During the COVID-19 pandemic, kidney transplant candidates and recipients in the United States had high rates of death from the infection and its sequelae, according to new nationwide registry data from the United Network for Organ Sharing.
“This is the first analysis of national level COVID-19-related mortality in transplant recipients and patients waitlisted for a kidney transplant,” Sumit Mohan, MD, PhD, of the Columbia University Vagelos College of Physicians and Surgeons in New York, New York, stated in a press release from the American Society of Nephrology. “There was a large increase in deaths among these susceptible individuals, with a disproportionate impact on minorities.”
Of 134,948 patients on the kidney transplant waitlist in 2020, a total of 4774 died, including 516 (11%) from COVID-19-related causes, Dr Mohan and colleagues reported in the Clinical Journal of the American Society of Nephrology. The investigators found that a greater proportion of male waitlist candidates died from COVID-19 than from other causes (72% vs 65%) and at a higher rate compared with the same period in 2019 (63%). Black (34% vs 31%) and Hispanic (37% vs 19%) candidates had higher death rates from COVID-19 compared with other causes. Obese candidates (body mass index of 30 kg/m2 or higher) also had a higher death rate from COVID-19 (53% vs 45%).
Among 190,481 kidney transplant recipients in 2020, a total of 5435 died, including 893 (16%) from COVID-19-related causes, the investigators reported. Recipients who died from COVID-19 were younger than recipients who died from other causes (median age 65 vs 68 years).
Black and Hispanic recipients in 2020 also had a disproportionate burden of COVID-19 deaths compared with non-COVID deaths and all deaths in 2019 (31% vs 25% vs 24%, respectively, for Black recipients and 31% vs 13% vs 11%, respectively, for Hispanic recipients).
Obese recipients likewise died at a higher rate from COVID-19: 44% vs 36% vs 36%, respectively.

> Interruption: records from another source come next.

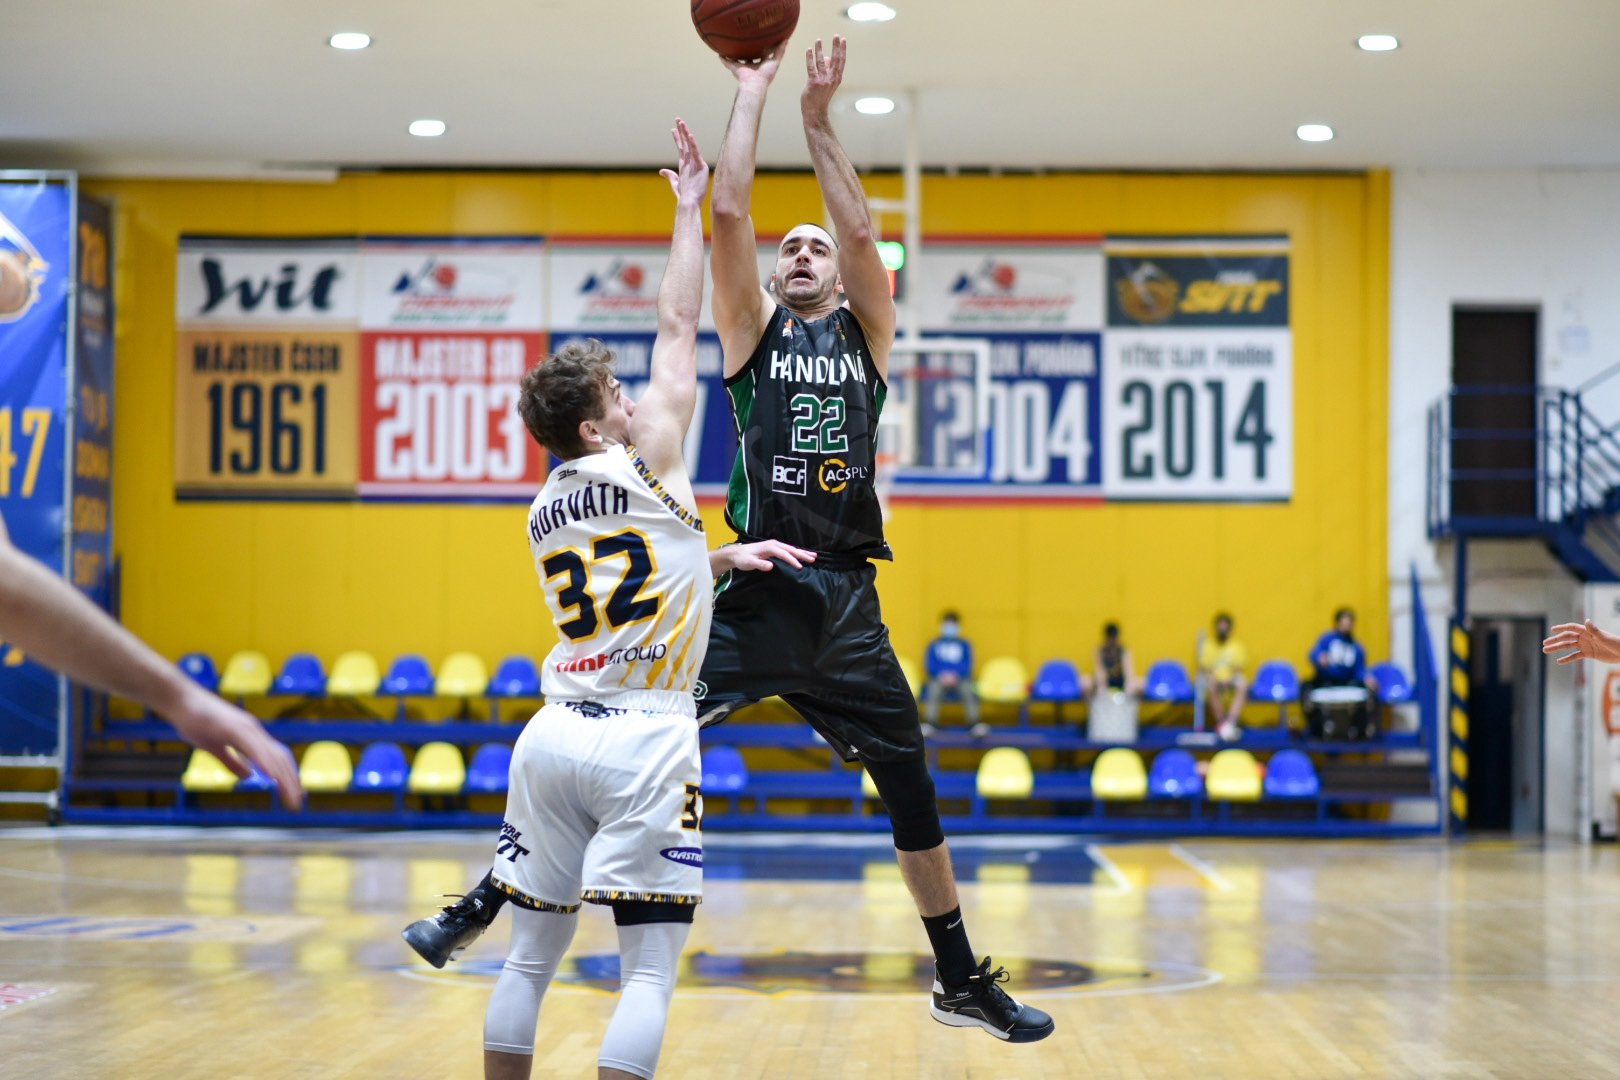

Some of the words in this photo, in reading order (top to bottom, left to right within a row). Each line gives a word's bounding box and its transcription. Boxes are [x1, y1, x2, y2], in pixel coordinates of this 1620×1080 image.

[208, 383, 326, 475] 1961
[375, 383, 527, 481] 2003
[790, 393, 848, 454] 22
[1121, 379, 1275, 480] 2014
[530, 481, 629, 544] HORVÁTH
[539, 525, 665, 644] 32

Across cohorts, the majority of people who died from COVID-19 or other causes had a high school education or less. Diabetes affected significantly more candidates (69% vs 66%) and recipients (52% vs 49%) who died from COVID-19 compared with other causes. The investigators also found a geographic disparity in deaths. For example, 21% and 19% of COVID-19-related deaths among candidates and recipients, respectively, occurred in Organ Procurement and Transplantation Network (OPTN) Region 9 (New York and western Vermont) whereas 5% and 4% of deaths, respectively, occurred in OPTN Region 1 (Connecticut, Eastern Vermont, Maine, Massachusetts, New Hampshire, and Rhode Island).
Dr Mohan’s team found that the all-cause mortality rate in 2020 was higher among waitlisted candidates (24%) than among kidney transplant recipients (20%) compared with 2019.

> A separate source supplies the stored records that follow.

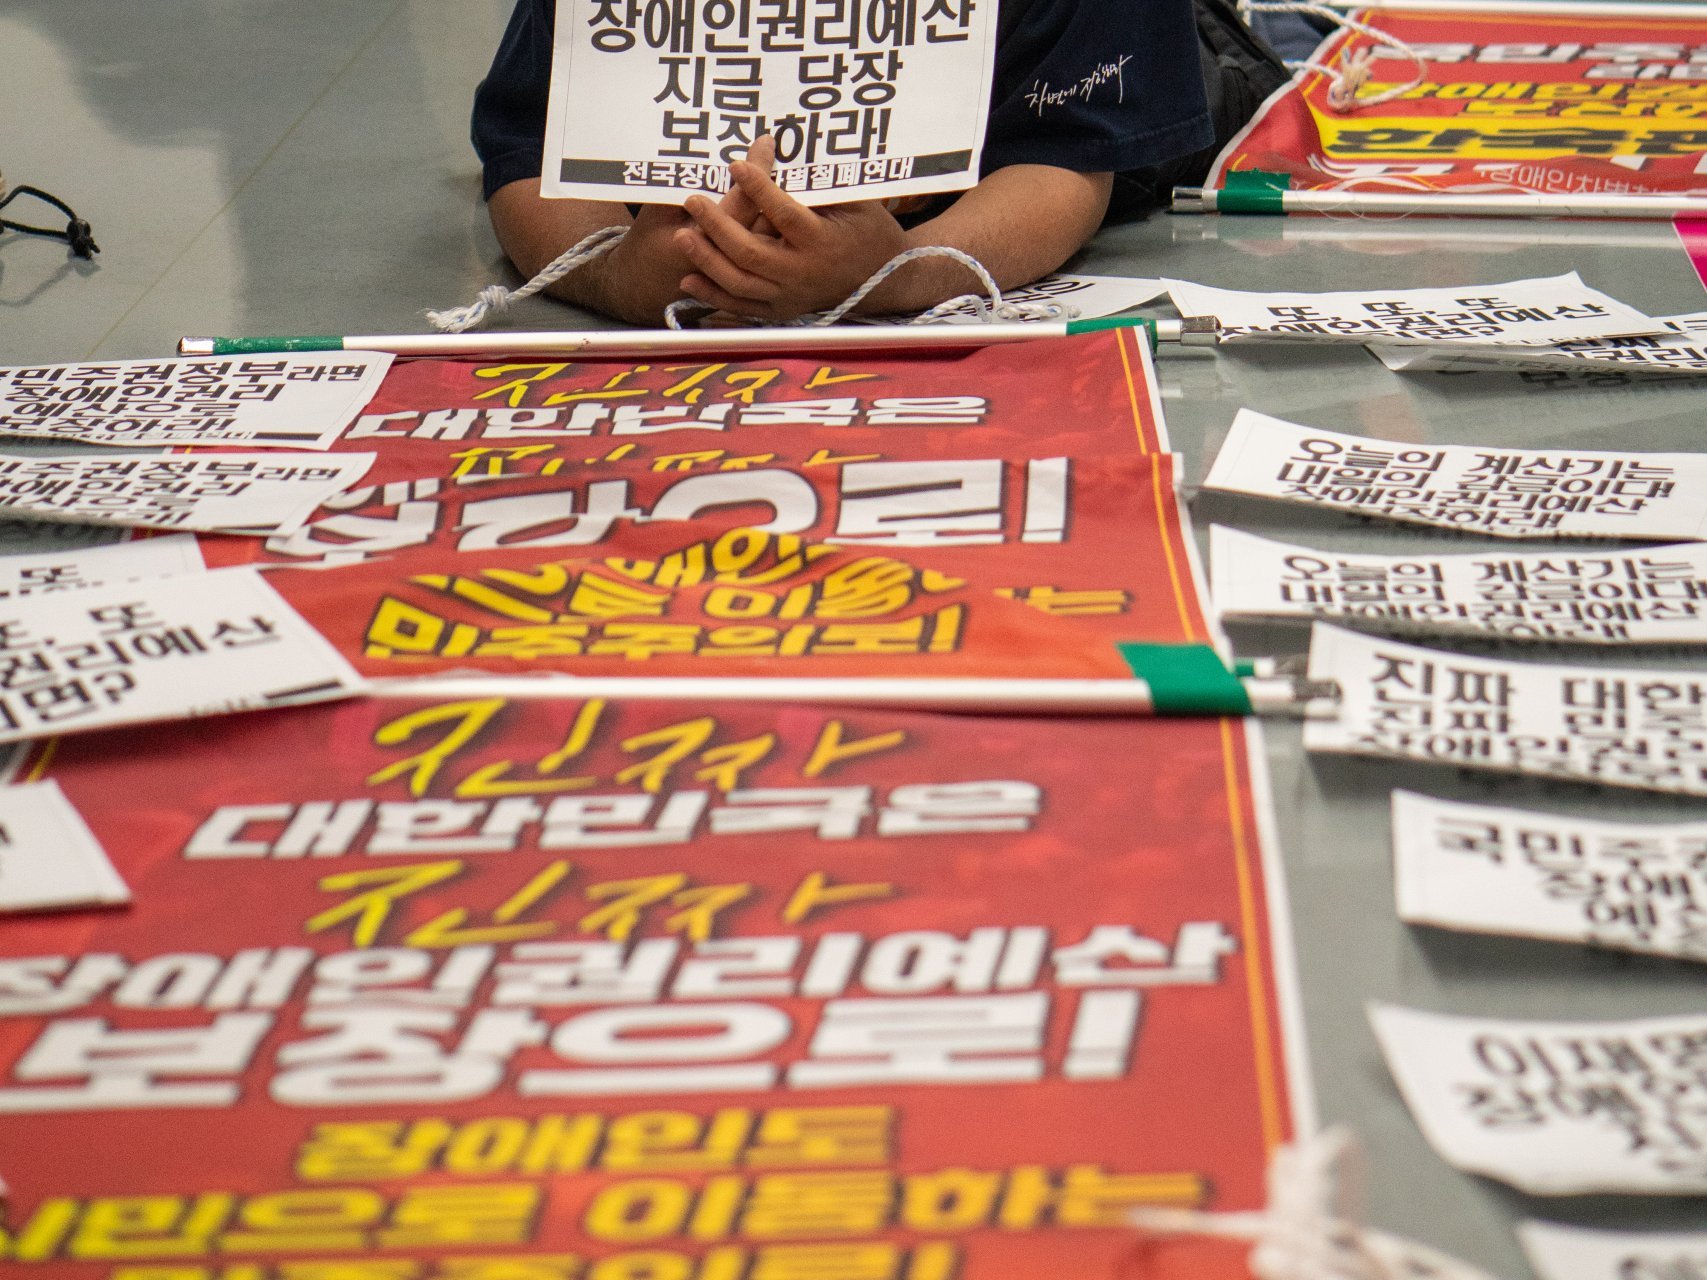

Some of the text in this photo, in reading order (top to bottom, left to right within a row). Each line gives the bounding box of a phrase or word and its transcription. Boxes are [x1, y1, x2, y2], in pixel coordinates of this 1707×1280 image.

[653, 49, 904, 111] 지금 당장
[657, 107, 892, 164] 보장하라!
[622, 157, 914, 195] 전국장애별철폐연대
[0, 361, 367, 387] 민주권정부라면
[5, 384, 285, 403] 장애인권리
[0, 461, 342, 481] 주권정부라면
[1277, 462, 1431, 489] 내일의
[1290, 438, 1675, 480] 오늘의 계산기는
[0, 480, 251, 497] 애인권리
[1282, 554, 1697, 583] 오늘의 계산기는
[367, 698, 905, 797] 진짜
[184, 780, 1042, 859] 대한민국은
[304, 859, 895, 948] 진짜
[0, 921, 1238, 1016] 장애인권리예산
[0, 988, 1143, 1111] 보장으로!

“While 11% of deaths on the waitlist in 2020 were attributed to COVID-19, the remainder of the difference in mortality observed is also likely to be COVID-19 related to the extent that the pandemic has adversely impacted access to and delivery of healthcare, particularly during the peak of the initial surge,” according to the investigators. They suggested that waitlisted candidates who continued to receive in-center dialysis likely had less social distancing and greater chances of exposure to SARS CoV-2 compared with transplant recipients.
“The excess risk of COVID-19 mortality for both candidates and recipients may alter the amount of benefit associated with transplantation and impact clinical decision-making,” Dr Mohan’s team stated.

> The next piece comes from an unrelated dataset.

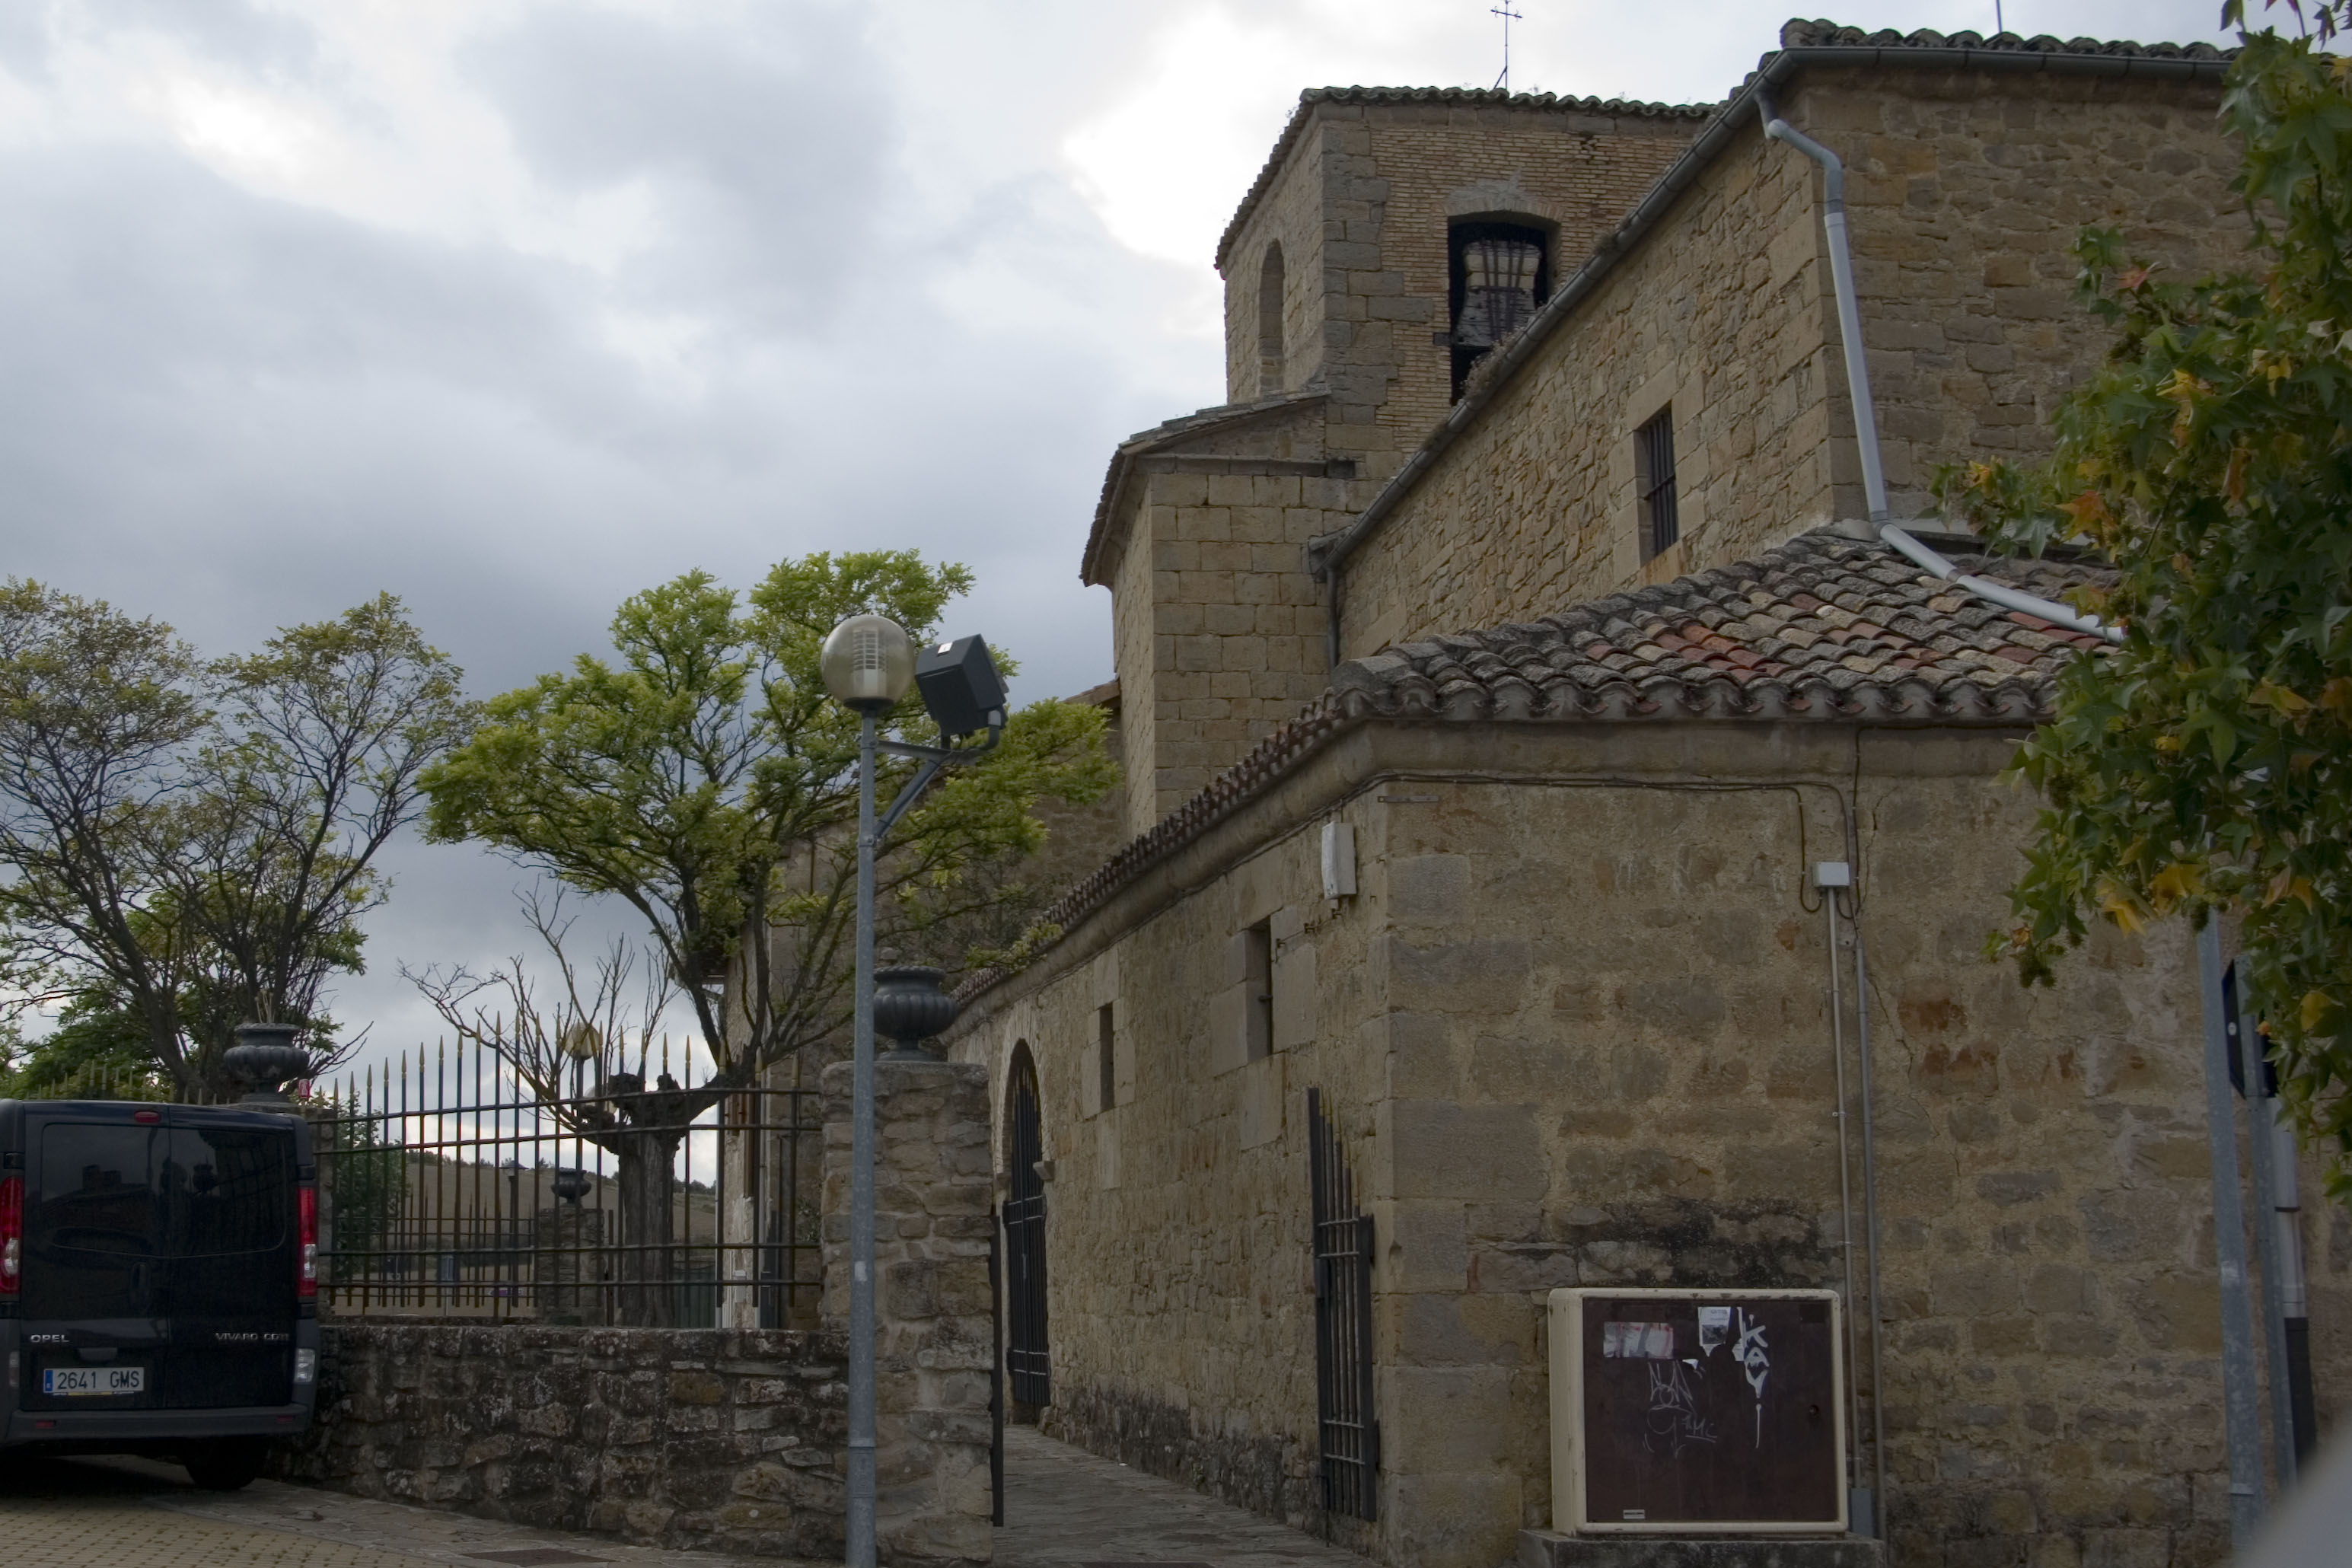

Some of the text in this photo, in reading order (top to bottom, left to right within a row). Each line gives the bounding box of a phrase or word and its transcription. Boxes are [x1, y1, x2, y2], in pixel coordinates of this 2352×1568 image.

[30, 1334, 69, 1343] OPEL
[215, 1332, 259, 1340] VIVARO
[57, 1370, 140, 1389] 2641 GMS

Disclosure: Some study authors declared affiliations with biotech, pharmaceutical, and/or device companies. Please see the original reference for a full list of authors’ disclosures.
Mohan S, King K, Ali Husain S, Schold J. COVID-19-associated mortality among kidney transplant recipients and candidates in the United States. Clin J Am Soc Nephrol. Published online September 29, 2021. doi:10.2215/CJN.02690221
Study reveals high burden of COVD-19–related deaths among kidney transplant recipients and patients with kidney failure [press release]. American Society of Nephrology; September 29, 2021.